Saved data entries
· · ·
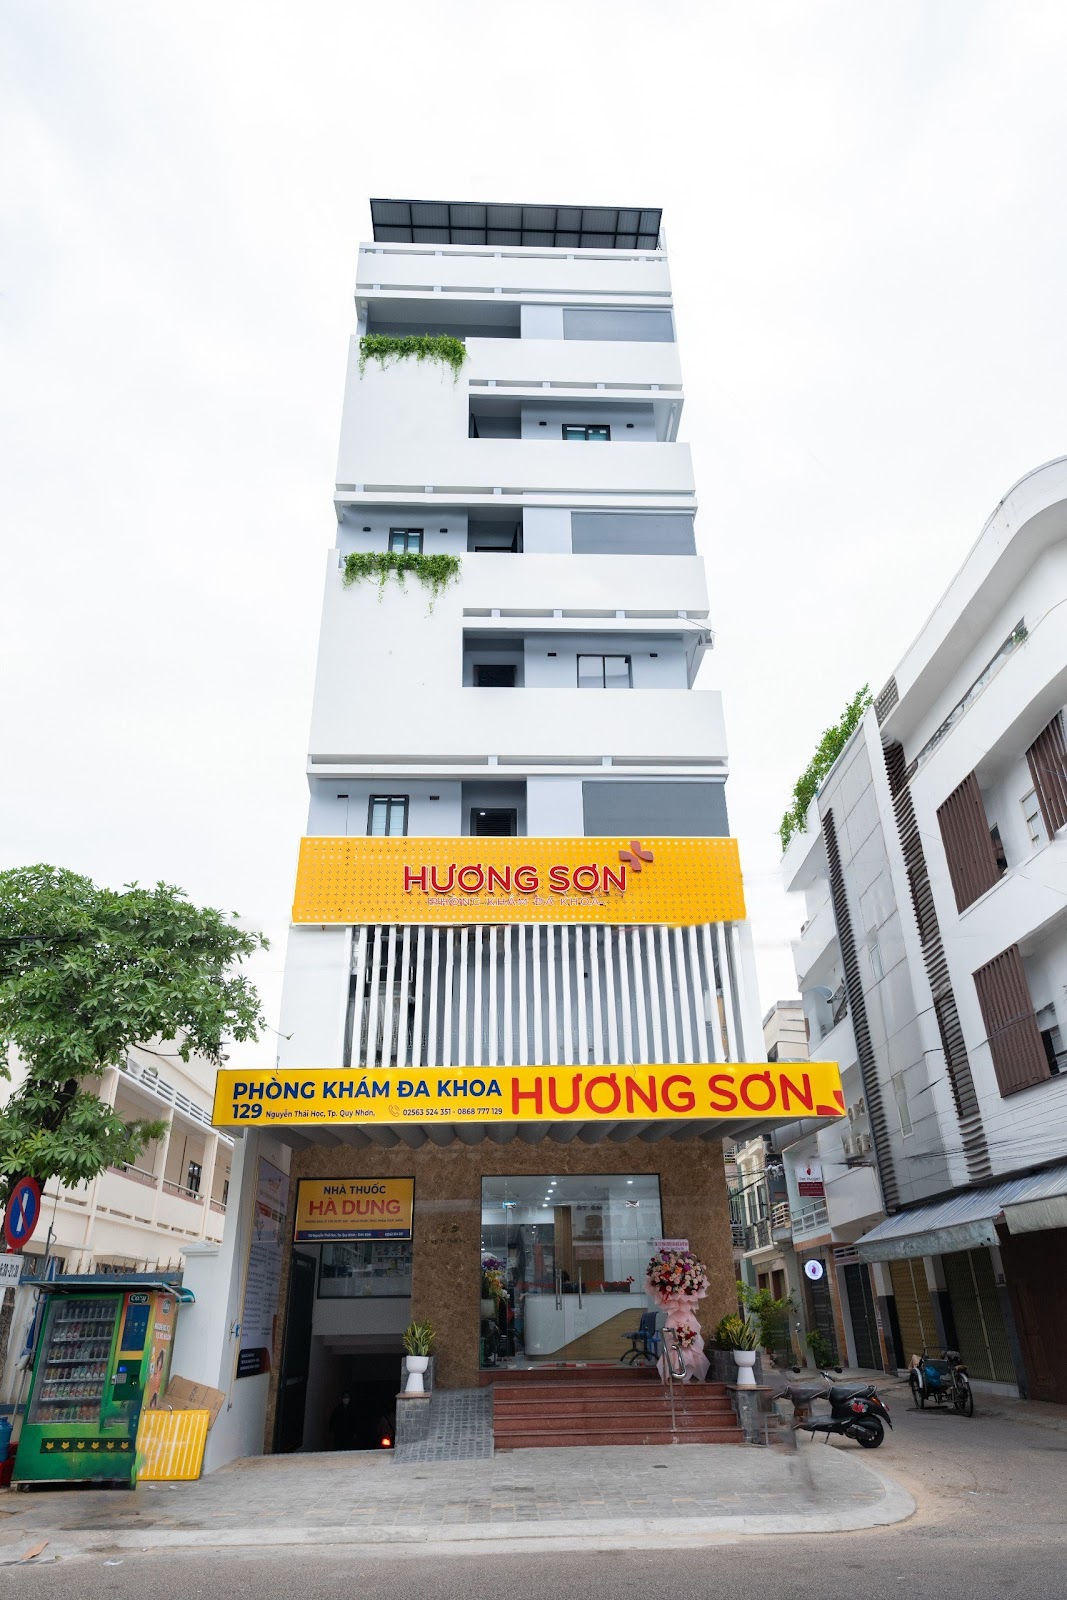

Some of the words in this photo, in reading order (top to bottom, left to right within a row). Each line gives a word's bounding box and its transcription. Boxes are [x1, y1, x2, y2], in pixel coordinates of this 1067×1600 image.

[403, 863, 539, 893] HƯƠNG
[549, 863, 627, 893] SƠN
[560, 896, 600, 906] KHOA
[232, 1077, 315, 1100] PHÒNG
[322, 1076, 390, 1098] KHÁM
[397, 1080, 430, 1098] ĐA
[437, 1079, 502, 1097] KHOA
[511, 1072, 696, 1115] HƯƠNG
[708, 1070, 813, 1113] SƠN
[232, 1103, 263, 1119] 129
[265, 1108, 292, 1119] Nguyễn
[294, 1108, 309, 1118] Thái
[310, 1109, 326, 1119] Học,
[328, 1109, 338, 1119] Tp.
[339, 1109, 354, 1119] Quy
[403, 1108, 424, 1116] 02563
[426, 1108, 439, 1116] 524
[440, 1108, 451, 1116] 351
[457, 1107, 475, 1116] 0868
[477, 1107, 490, 1115] 777
[491, 1107, 503, 1115] 129
[323, 1183, 347, 1195] NHÀ
[349, 1182, 386, 1194] THUỐC
[308, 1196, 338, 1216] HÀ
[341, 1199, 401, 1216] DUNG
· · ·
Task prompt: I'd like the entries above repeated exactly, but without any of their pictures.

Answer to this problem:
Some of the words in this photo, in reading order (top to bottom, left to right within a row). Each line gives a word's bounding box and its transcription. Boxes are [x1, y1, x2, y2], in pixel coordinates of this 1067×1600 image.

[403, 863, 539, 893] HƯƠNG
[549, 863, 627, 893] SƠN
[560, 896, 600, 906] KHOA
[232, 1077, 315, 1100] PHÒNG
[322, 1076, 390, 1098] KHÁM
[397, 1080, 430, 1098] ĐA
[437, 1079, 502, 1097] KHOA
[511, 1072, 696, 1115] HƯƠNG
[708, 1070, 813, 1113] SƠN
[232, 1103, 263, 1119] 129
[265, 1108, 292, 1119] Nguyễn
[294, 1108, 309, 1118] Thái
[310, 1109, 326, 1119] Học,
[328, 1109, 338, 1119] Tp.
[339, 1109, 354, 1119] Quy
[403, 1108, 424, 1116] 02563
[426, 1108, 439, 1116] 524
[440, 1108, 451, 1116] 351
[457, 1107, 475, 1116] 0868
[477, 1107, 490, 1115] 777
[491, 1107, 503, 1115] 129
[323, 1183, 347, 1195] NHÀ
[349, 1182, 386, 1194] THUỐC
[308, 1196, 338, 1216] HÀ
[341, 1199, 401, 1216] DUNG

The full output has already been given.